### WHAT THE TASK ASKS
Please set down only the lines running from the one with "Some of the words" through the last line of the entries, exactly as written and without any pictures.

[Stored dataset items]

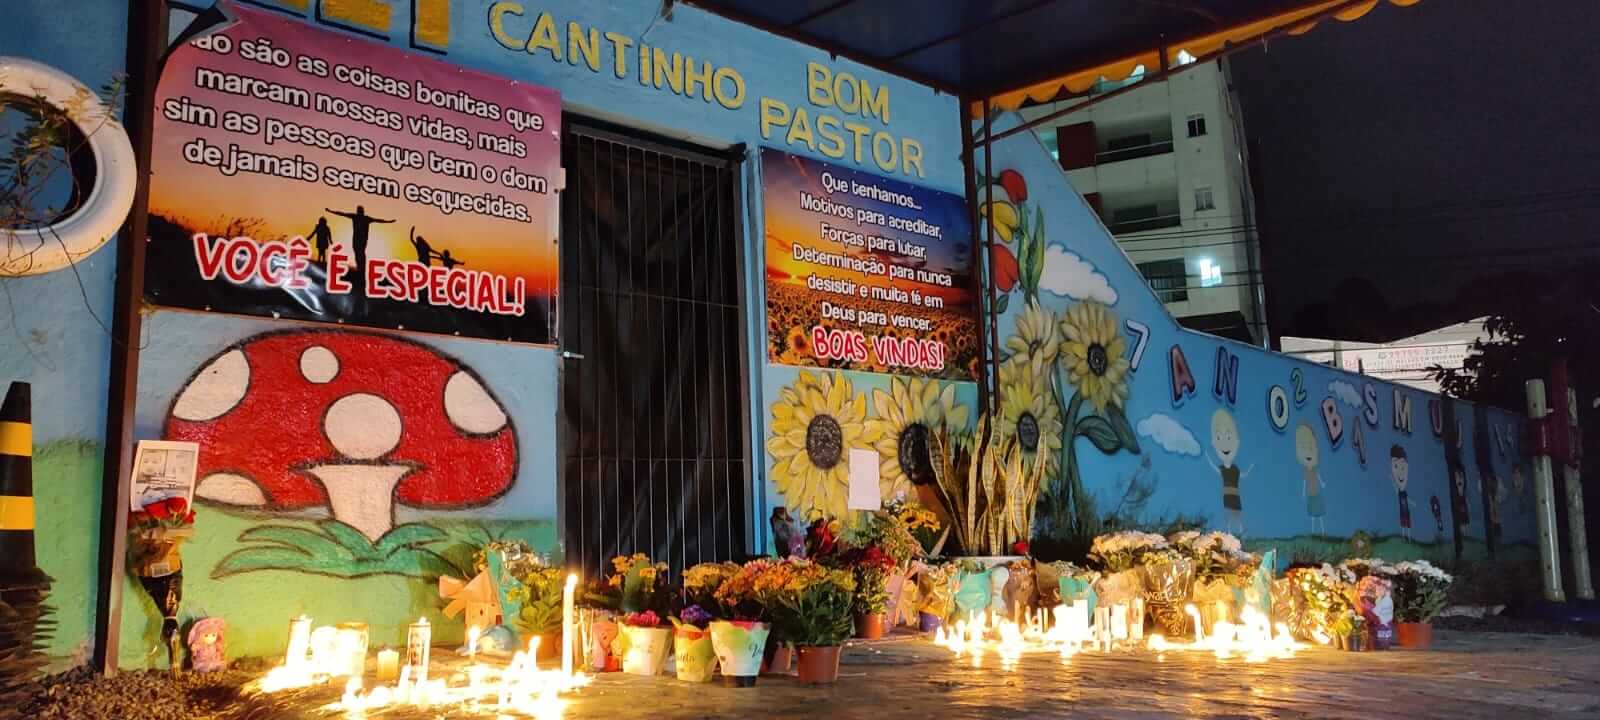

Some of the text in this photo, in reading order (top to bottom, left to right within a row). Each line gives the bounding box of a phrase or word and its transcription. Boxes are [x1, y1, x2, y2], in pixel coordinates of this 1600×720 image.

[240, 39, 290, 68] são
[297, 54, 327, 77] as
[333, 65, 411, 98] coisas
[416, 80, 501, 120] bonitas
[505, 106, 544, 132] que
[486, 1, 747, 111] CANTINHO
[196, 68, 527, 158] marcam nossas vidas, mais
[807, 62, 890, 125] BOM
[163, 97, 547, 193] sim as pessoas que tem o dom
[759, 96, 926, 178] PASTOR
[183, 137, 532, 223] de jamais serem esquecidas.
[821, 172, 849, 193] Que
[800, 193, 942, 240] Motivos para acreditar,
[820, 222, 928, 260] Forças para lutar,
[193, 232, 526, 317] VOCÊ É ESPECIAL!
[792, 243, 952, 287] Determinação para nunca
[807, 273, 943, 309] desistir e muita fé em
[811, 325, 945, 370] BOAS VINDAS!
[821, 302, 933, 331] Deus para vencer.
[1124, 320, 1150, 372] 7
[1170, 343, 1196, 402] A
[1215, 346, 1239, 404] N
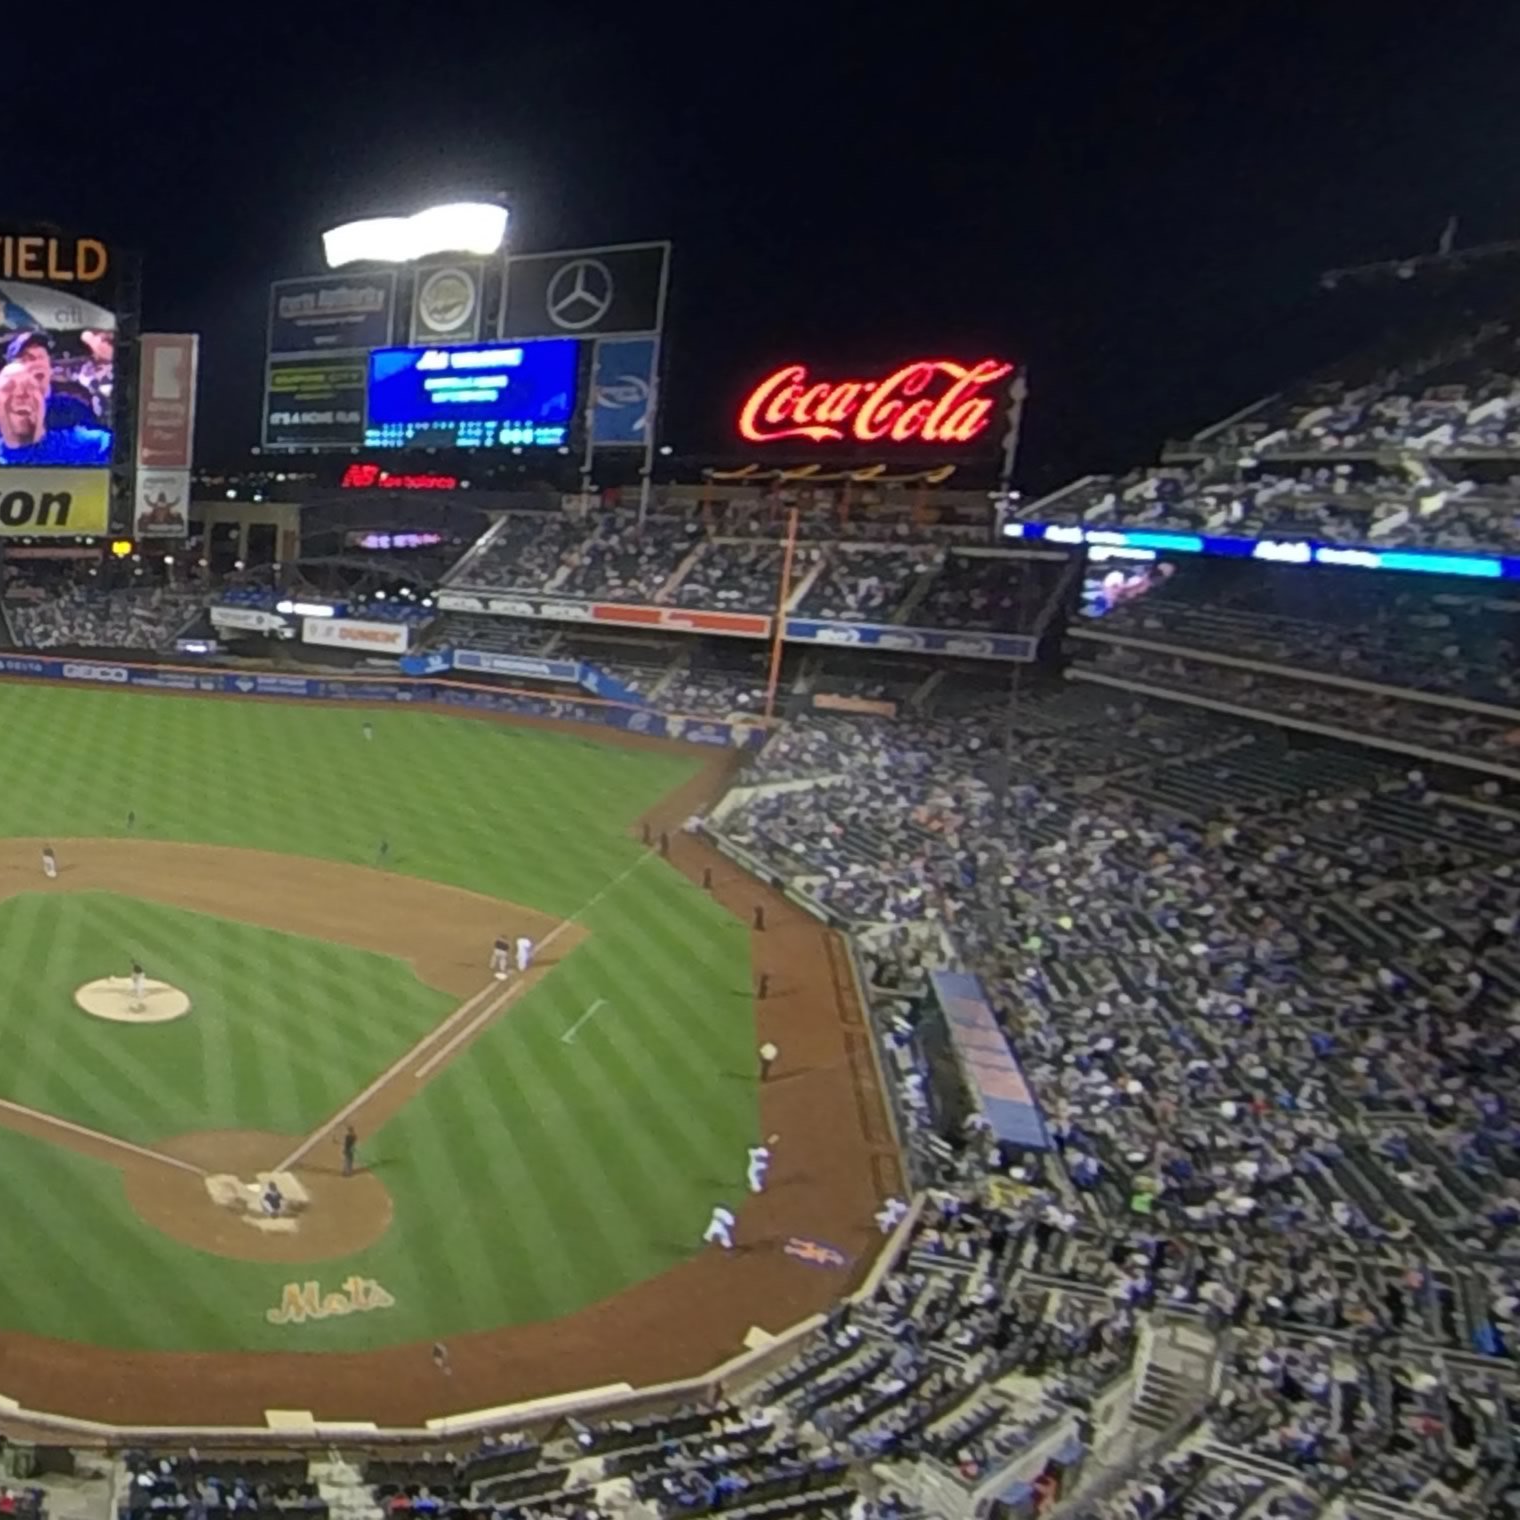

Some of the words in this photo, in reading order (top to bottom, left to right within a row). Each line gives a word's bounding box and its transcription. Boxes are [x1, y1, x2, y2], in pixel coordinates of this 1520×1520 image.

[739, 359, 1014, 441] Coca-Cola
[62, 663, 128, 682] GEICO
[266, 1275, 396, 1324] Mets
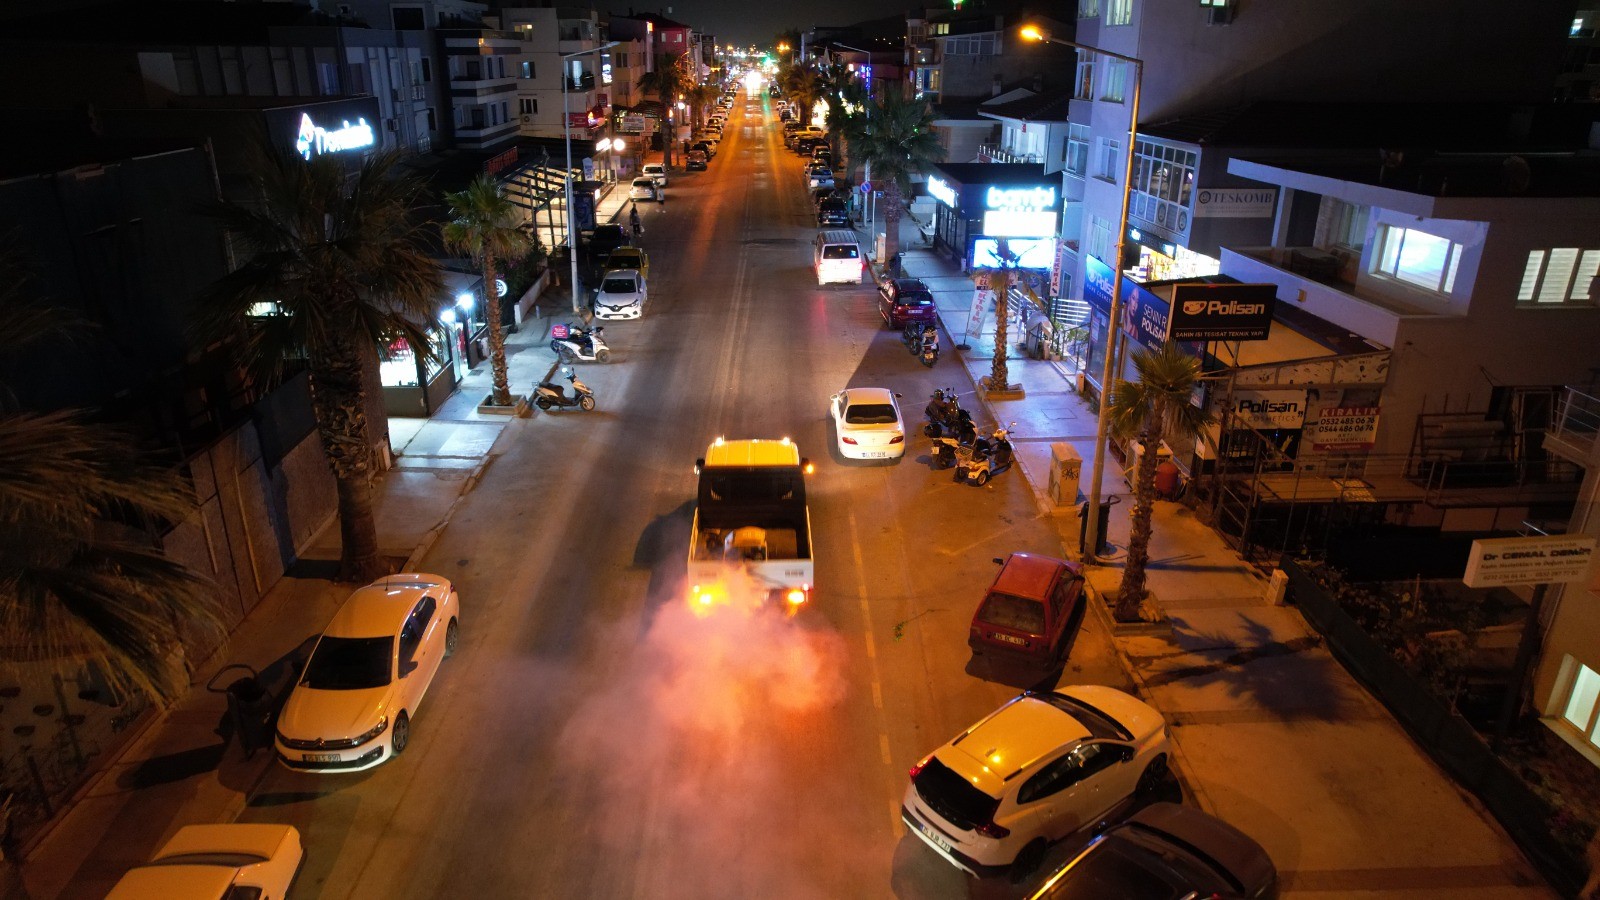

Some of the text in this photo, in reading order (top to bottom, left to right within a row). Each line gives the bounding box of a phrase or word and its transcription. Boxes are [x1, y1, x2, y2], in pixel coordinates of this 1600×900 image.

[986, 186, 1056, 209] bambi
[1213, 192, 1272, 203] TESKOMB
[1207, 300, 1266, 316] Polisan
[1239, 399, 1298, 413] Polisan
[1321, 407, 1379, 417] KIRALIK
[1320, 417, 1339, 425] 0532
[1319, 425, 1338, 433] 0544
[1502, 550, 1547, 560] CEMAL

### RESPONSE AREA
Some of the words in this photo, in reading order (top to bottom, left to right within a row). Each line gives a word's bounding box and its transcription. Boxes are [x1, y1, x2, y2], in pixel coordinates of this 1520×1520 image.

[739, 359, 1014, 441] Coca-Cola
[62, 663, 128, 682] GEICO
[266, 1275, 396, 1324] Mets

Some of the text in this photo, in reading order (top to bottom, left to right within a row). Each line gives the bounding box of a phrase or word and its transcription. Boxes are [x1, y1, x2, y2], in pixel coordinates of this 1600×900 image.

[986, 186, 1056, 209] bambi
[1213, 192, 1272, 203] TESKOMB
[1207, 300, 1266, 316] Polisan
[1239, 399, 1298, 413] Polisan
[1321, 407, 1379, 417] KIRALIK
[1320, 417, 1339, 425] 0532
[1319, 425, 1338, 433] 0544
[1502, 550, 1547, 560] CEMAL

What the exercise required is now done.